> [What to do] Write out the records word for word, with no pictures.

> [Data for processing]

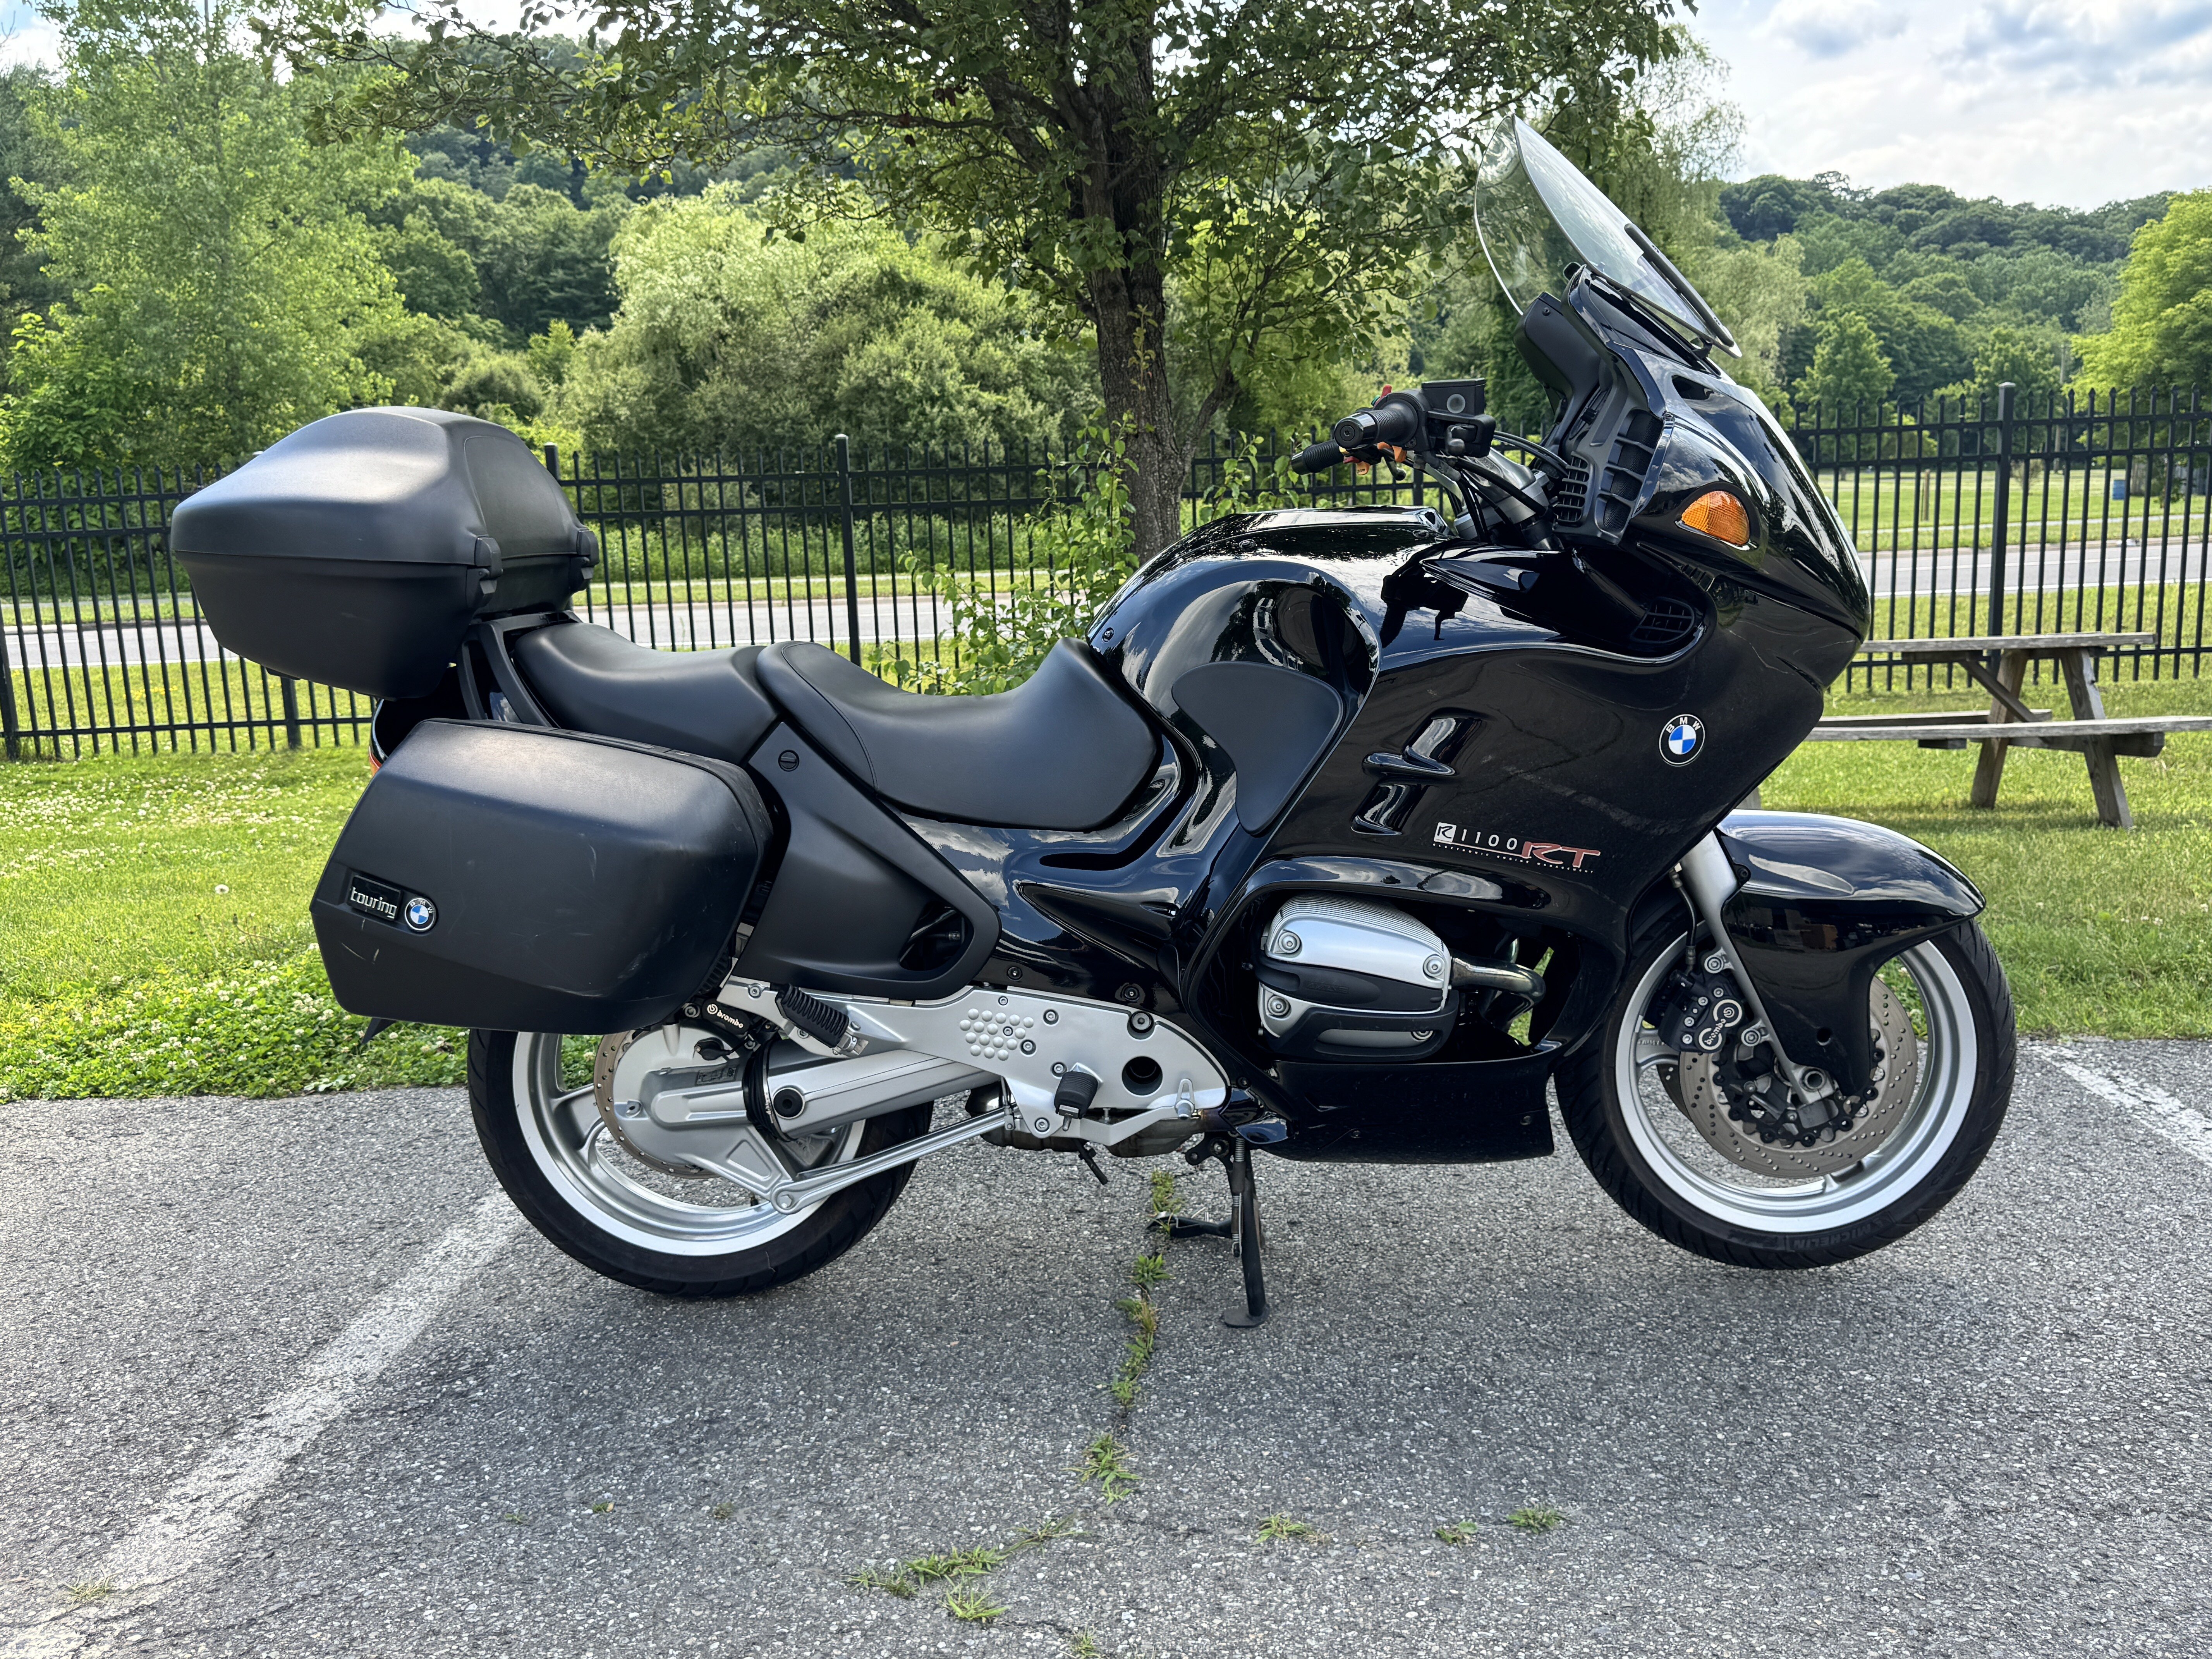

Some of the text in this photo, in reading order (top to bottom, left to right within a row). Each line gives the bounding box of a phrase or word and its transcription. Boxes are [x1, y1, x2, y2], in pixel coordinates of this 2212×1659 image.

[1666, 716, 1701, 733] BMW
[1522, 841, 1601, 868] RT
[350, 887, 397, 919] touring
[410, 901, 434, 913] BMW
[716, 1010, 744, 1028] brembo
[1704, 1018, 1726, 1045] brembo
[1793, 1223, 1871, 1248] MICHELIN

> [Exercise result]
Some of the text in this photo, in reading order (top to bottom, left to right within a row). Each line gives the bounding box of a phrase or word and its transcription. Boxes are [x1, y1, x2, y2], in pixel coordinates of this 2212×1659 image.

[1666, 716, 1701, 733] BMW
[1522, 841, 1601, 868] RT
[350, 887, 397, 919] touring
[410, 901, 434, 913] BMW
[716, 1010, 744, 1028] brembo
[1704, 1018, 1726, 1045] brembo
[1793, 1223, 1871, 1248] MICHELIN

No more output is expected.